When a community stops noticing who’s missing
Feb 07, 2026
Author Wallace Stegner warned that a place loses its soul when it forgets the hardship that made it. In “Angle of Repose,” he wrote not of triumph, but of erosion, how communities hollow out when they forget who built them and why.
The American West, he believed, was shaped less by myth tha
n by labor, endurance and people whose names rarely appear on monuments.
I’ve been thinking about that as ICE raids move quietly through Park City.
Quietly matters.
There are no sirens on Main Street. No press conferences. No interruption to après ski. Restaurants remain open. Snow is cleared. Work gets done.
And yet people are missing. Workers don’t show up. Familiar faces disappear from job sites, grocery stores and school pickup lines. The town absorbs this absence without much comment the way dry ground absorbs the first weeks of drought.
We reserve our urgency for other things. City Council campaigns take on a kind of Hollywood-style attention, with supporters arguing in restaurants on Main Street as if the fate of the republic were at stake. Meanwhile, the quiet removal of the workers who keep this town functioning barely registers beyond whispered conversations and a scattering of empty job sites.
Perhaps that’s because these are people we’ve trained ourselves not to notice. They clean hotel rooms before dawn. Frame houses they will never be able to afford, in a town that depends on their labor but rarely names it. Prep food we photograph but don’t ask about.
They are neighbors until suddenly they are gone.
I come to this not only as a Park City resident or an American history teacher, but as the daughter of an immigrant.
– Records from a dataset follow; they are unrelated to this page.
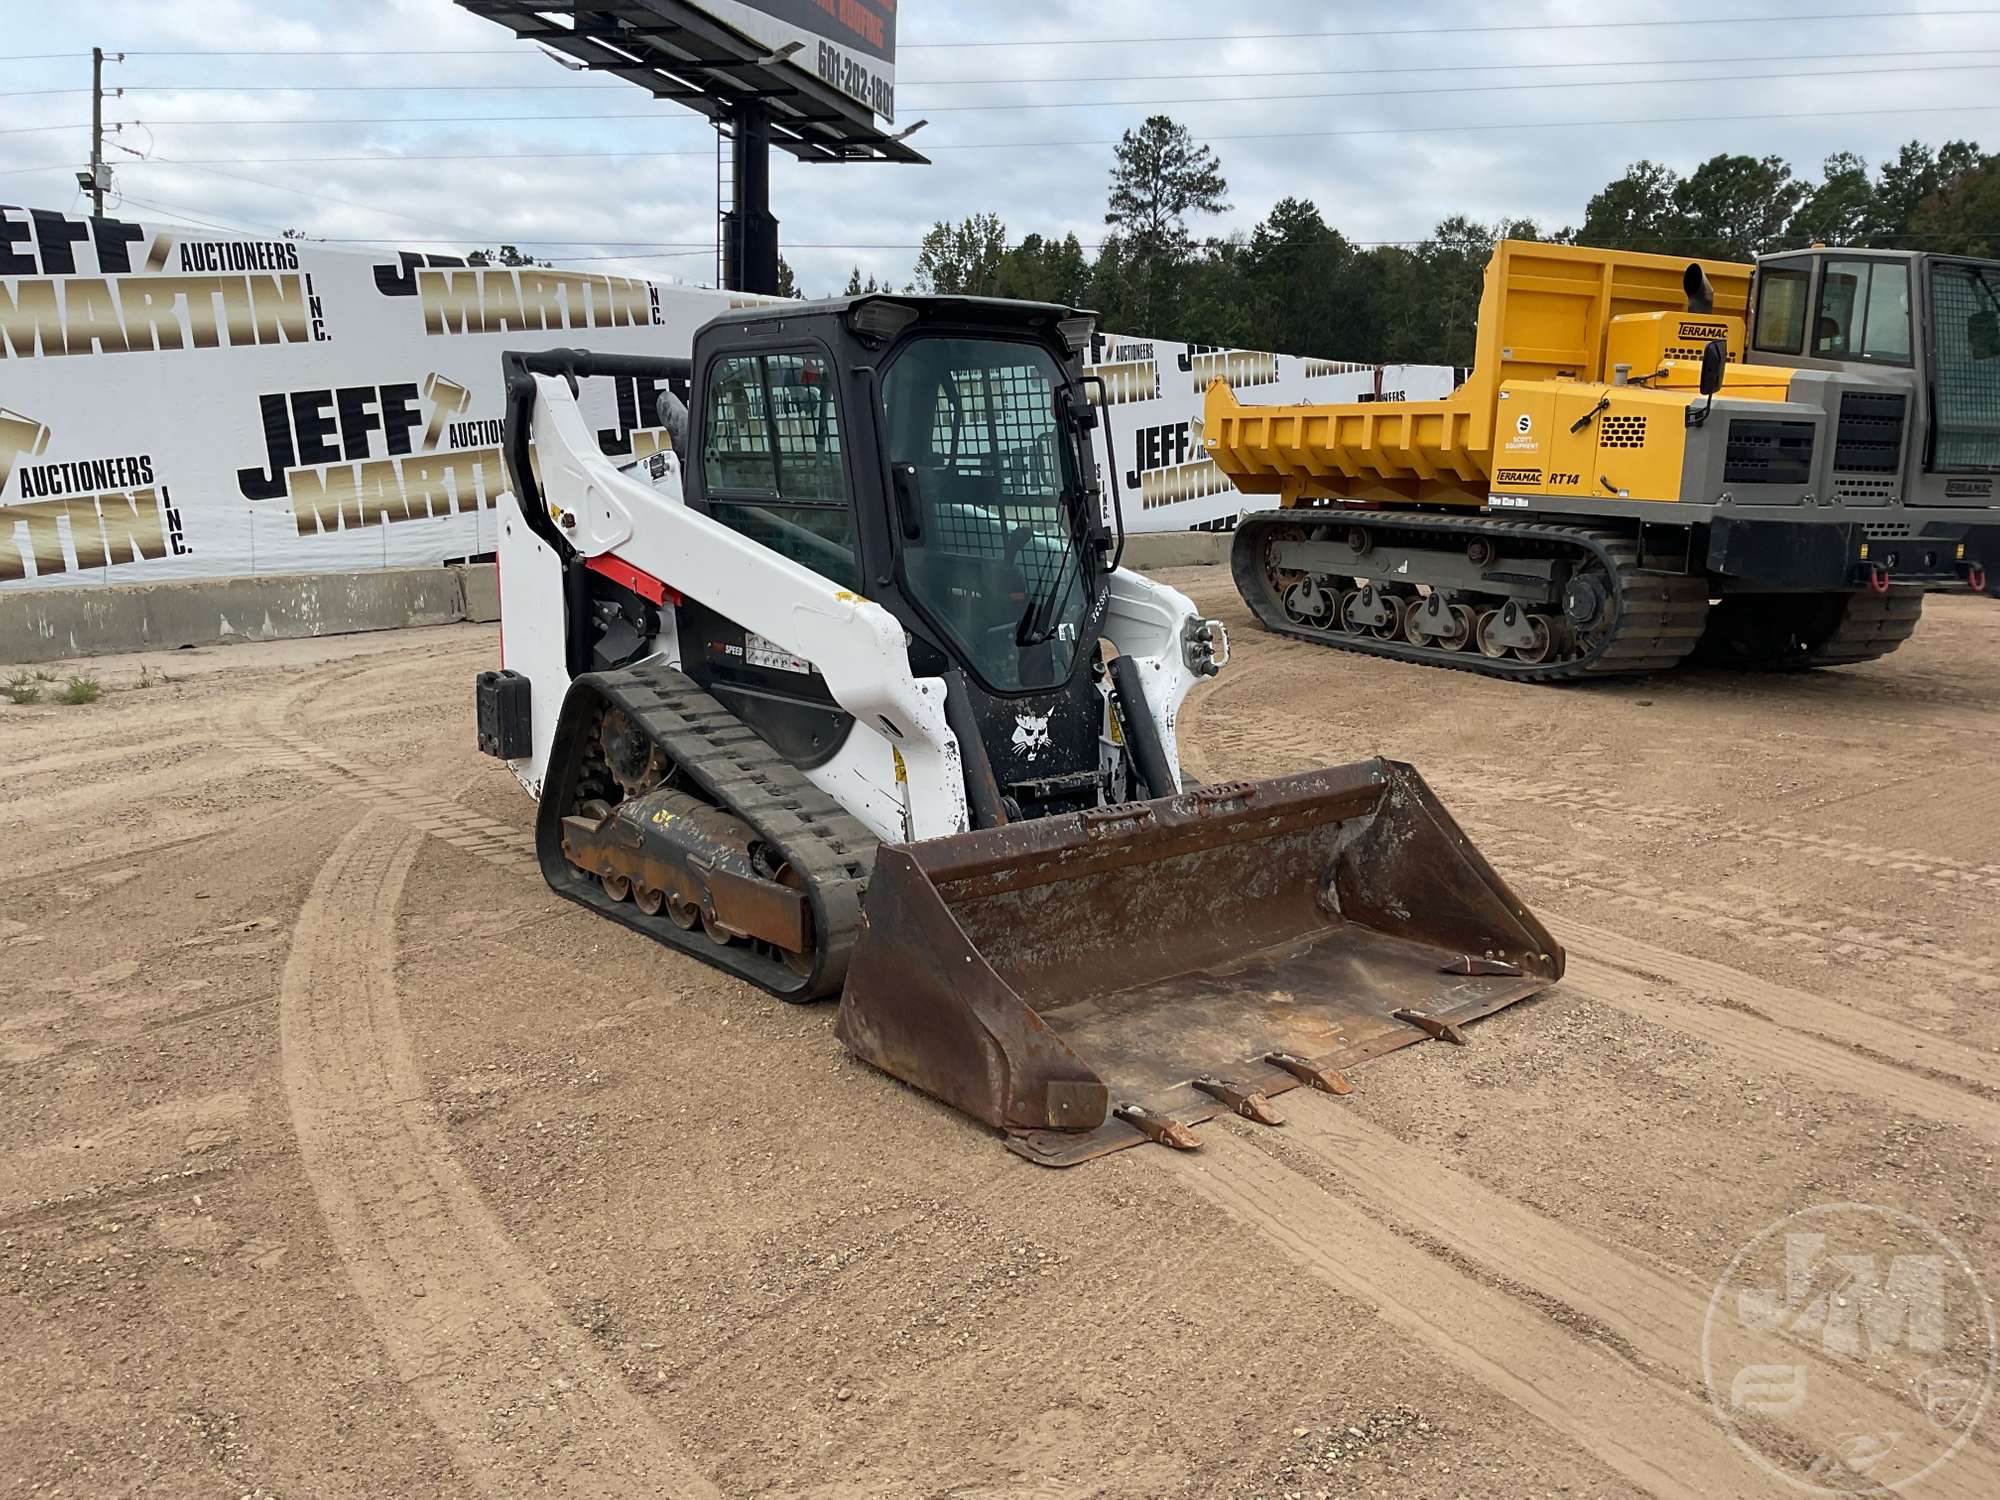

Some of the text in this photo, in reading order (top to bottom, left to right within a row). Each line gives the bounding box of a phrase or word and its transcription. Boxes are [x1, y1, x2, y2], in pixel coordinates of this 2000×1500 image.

[180, 242, 299, 272] AUCTIONEERS
[418, 270, 650, 336] MARTIN
[237, 383, 423, 501] JEFF
[1126, 422, 1189, 489] JEFF
[19, 455, 154, 498] AUCTIONEERS
[1549, 473, 1580, 485] RT14
My mother was born in rural Canada, descended from French fur trappers and Native Americans. She grew up poor, one of 14 children in a household where everything was handed down until there was nothing left to pass along. French was her first language. English came later. Her town existed because of a lumber mill. Its only link to the outside world was the daily train whistle.
Eventually, she boarded that train.
At 18, she left to join a brother in Detroit. She once told my sister and me that what struck her most upon arrival wasn’t the size of the city, but its people. It was on that train that she saw a Black man for the first time. Until then, her world had been small — not by choice, but circumstance.
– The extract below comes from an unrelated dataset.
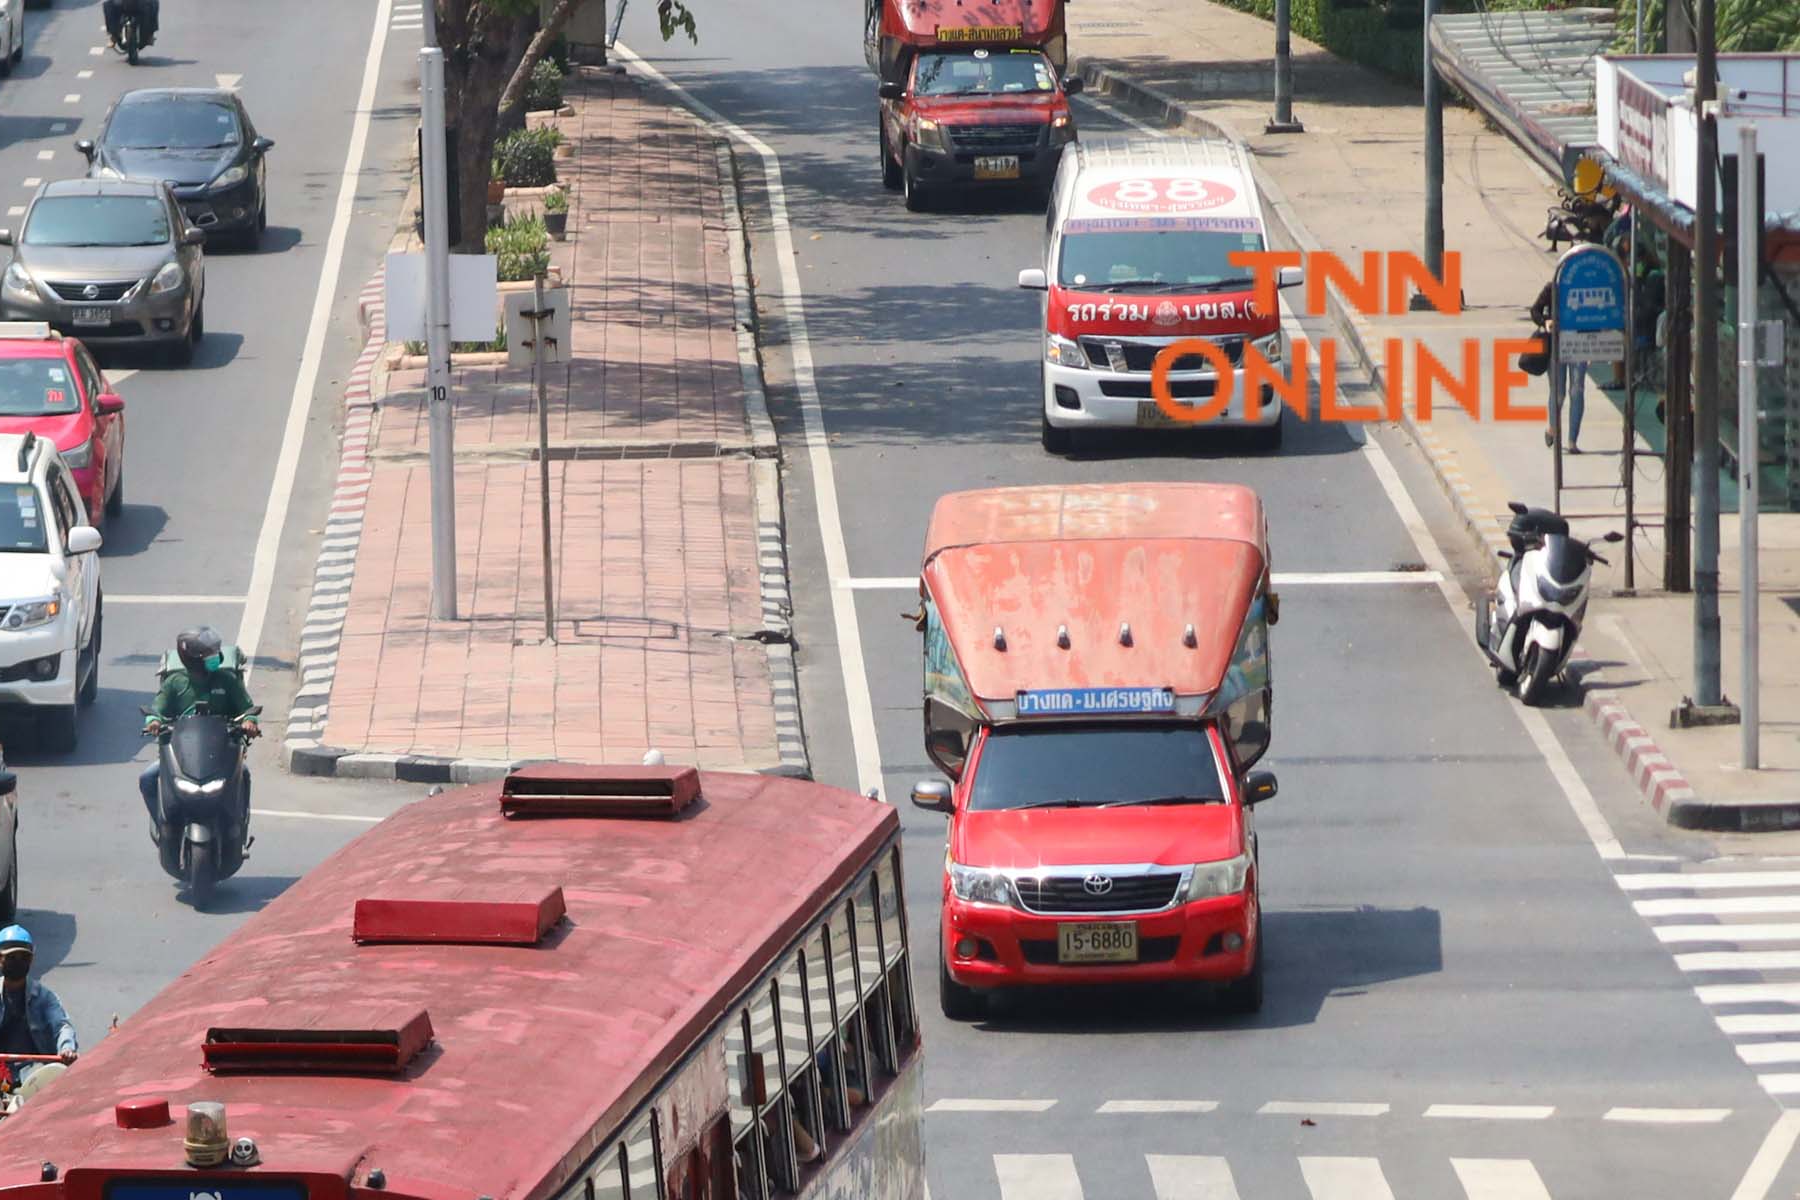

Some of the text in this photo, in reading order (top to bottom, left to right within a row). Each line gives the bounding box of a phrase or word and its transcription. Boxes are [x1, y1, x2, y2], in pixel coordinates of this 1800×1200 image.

In Detroit, she did not arrive empty handed. She worked as an ice skating instructor, carrying with her a skill learned outdoors and without formal training. It was on the ice that she met my father, then an undergraduate at the University of Michigan, who was struck by the ease of her skating despite the fact that she had never seen the inside of an ice rink before leaving home.
They later settled in rural Florida, where I grew up.
As a child, I knew our family was different, though I couldn’t yet say how. Other kids’ cupboards held Little Debbie snacks. Ours held smoked mackerel. Other mothers showed up to PTA meetings. Mine rode a lawn mower around our yard, a bandana tied around her hair, grass clippings stuck to her legs.
For a long time, I resisted the self-reliance that came from her upbringing. I wanted to blend in. It took adulthood — and teaching American history — to recognize how familiar her story really is.
Immigration, labor, adaptation, invisibility, reinvention — these are not exceptions to the American story. They are the pattern.
Which brings me to Park City.
We like our Western stories tidy. We celebrate miners and settlers. We turn them into mascots. We name structures after the stairs that once led to a Chinese immigrant neighborhood that helped build this town, while rarely asking who occupies the margins now. Endurance is easier to honor when it is safely in the past.
Stegner understood that the West isn’t sustained by nostalgia. It’s sustained by memory, and memory requires attention.
When a town stops noticing who is missing, it begins to lose its balance. Not all at once. Quietly. Gradually. Until it no longer recognizes the forces that hold it together.
Park City should ask itself a simple question: If the people who keep this town running can disappear without much notice, what does that say about who we believe belongs here?
These are not abstractions. They are workers. Parents. Neighbors. Their labor is woven into the daily life of this place, whether we acknowledge it or not.
A town that forgets who built it — who builds it still — doesn’t just lose people. It loses its story. And in the West, once that story is gone, it rarely returns.